◆ Exercise directions ◆
Without including any pictures, copy every line below exactly.

◆ Excerpted records ◆
┄┄┄┄┄┄┄┄┄┄┄┄┄┄┄┄┄┄┄┄

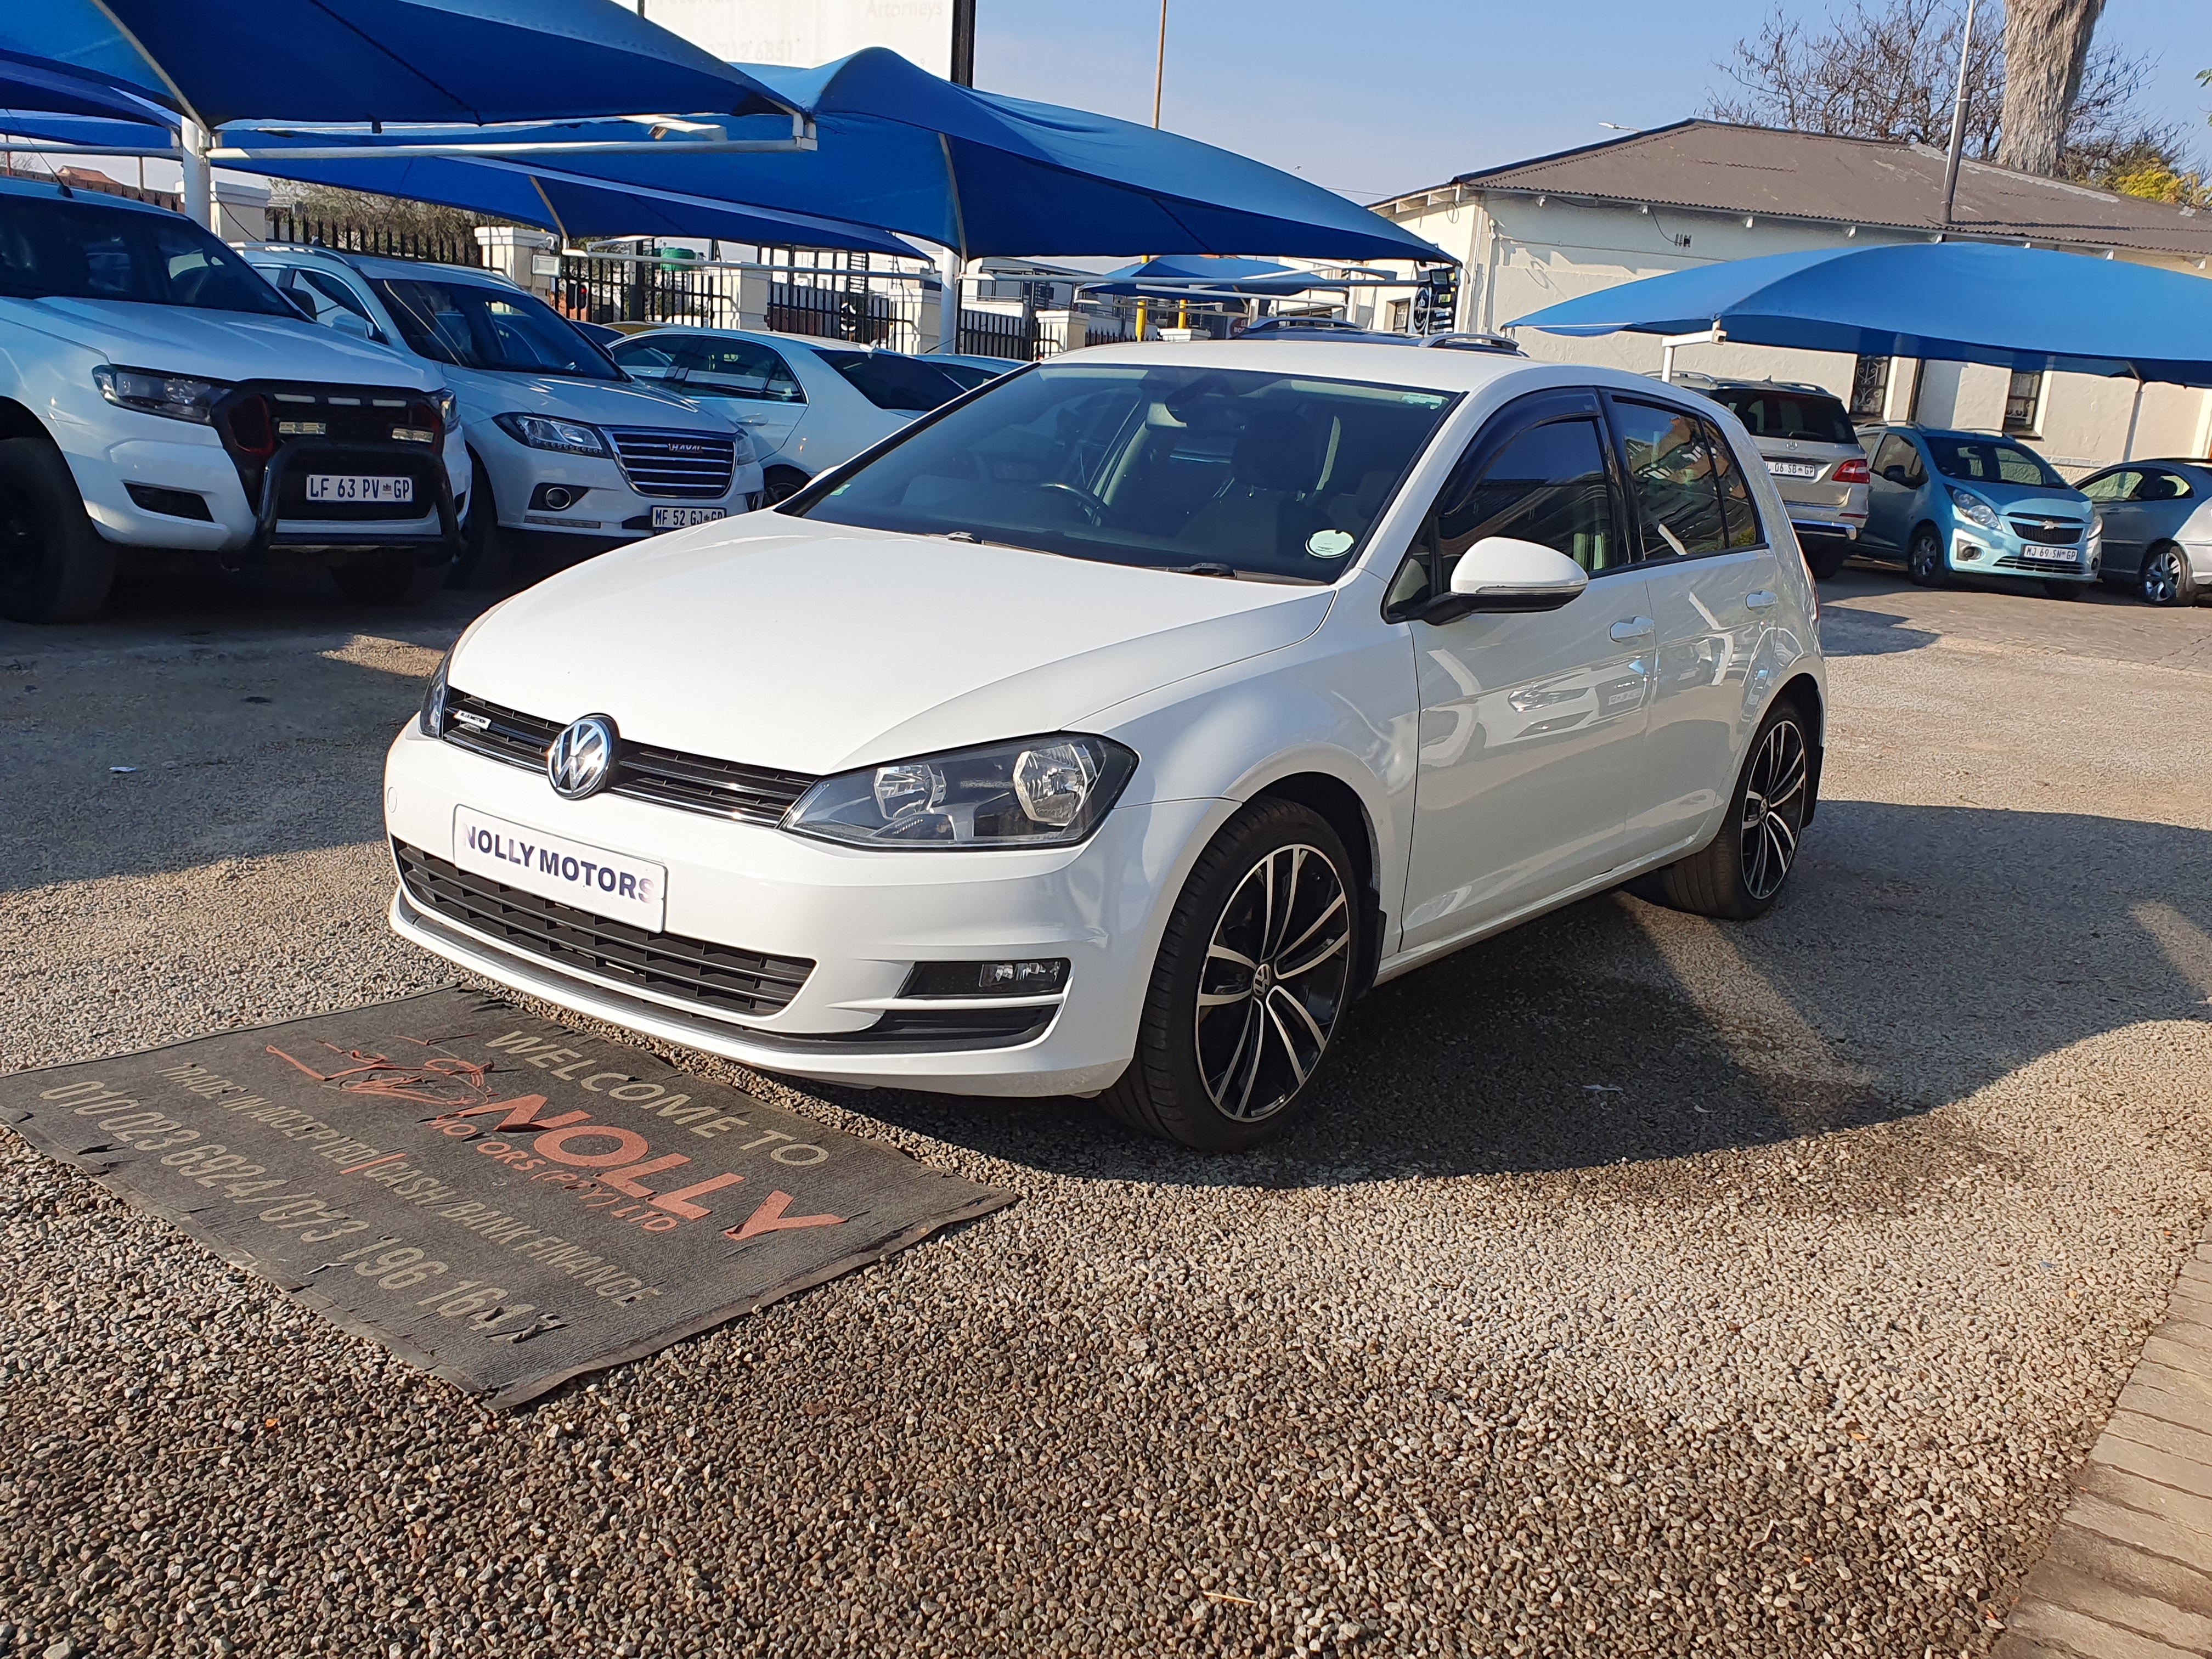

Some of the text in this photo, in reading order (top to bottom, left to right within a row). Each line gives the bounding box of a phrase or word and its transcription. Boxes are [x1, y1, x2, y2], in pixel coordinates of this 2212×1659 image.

[865, 0, 943, 22] Attorneys
[1775, 462, 1784, 472] 06
[1787, 462, 1797, 473] SB
[1804, 466, 1814, 475] GP
[310, 478, 410, 499] LF 63 PV GP
[655, 509, 668, 525] MF
[673, 510, 686, 526] 52
[690, 510, 703, 525] GJ
[2027, 546, 2076, 560] MJ 69 SN GP
[463, 823, 655, 905] NOLLY MOTORS
[154, 1062, 249, 1099] TRADE
[217, 1094, 274, 1112] IN
[485, 1030, 830, 1166] WELCOME TO
[241, 1105, 380, 1165] ACCEPTED
[437, 1093, 847, 1242] NOLLY
[39, 1080, 140, 1115] 010
[98, 1111, 201, 1151] 023
[337, 1236, 449, 1290] 196
[611, 1204, 679, 1232] LTD
[512, 1234, 663, 1308] FINANCE

┄┄┄┄┄┄┄┄┄┄┄┄┄┄┄┄┄┄┄┄

◆ Task solution ◆
Some of the text in this photo, in reading order (top to bottom, left to right within a row). Each line gives the bounding box of a phrase or word and its transcription. Boxes are [x1, y1, x2, y2], in pixel coordinates of this 2212×1659 image.

[865, 0, 943, 22] Attorneys
[1775, 462, 1784, 472] 06
[1787, 462, 1797, 473] SB
[1804, 466, 1814, 475] GP
[310, 478, 410, 499] LF 63 PV GP
[655, 509, 668, 525] MF
[673, 510, 686, 526] 52
[690, 510, 703, 525] GJ
[2027, 546, 2076, 560] MJ 69 SN GP
[463, 823, 655, 905] NOLLY MOTORS
[154, 1062, 249, 1099] TRADE
[217, 1094, 274, 1112] IN
[485, 1030, 830, 1166] WELCOME TO
[241, 1105, 380, 1165] ACCEPTED
[437, 1093, 847, 1242] NOLLY
[39, 1080, 140, 1115] 010
[98, 1111, 201, 1151] 023
[337, 1236, 449, 1290] 196
[611, 1204, 679, 1232] LTD
[512, 1234, 663, 1308] FINANCE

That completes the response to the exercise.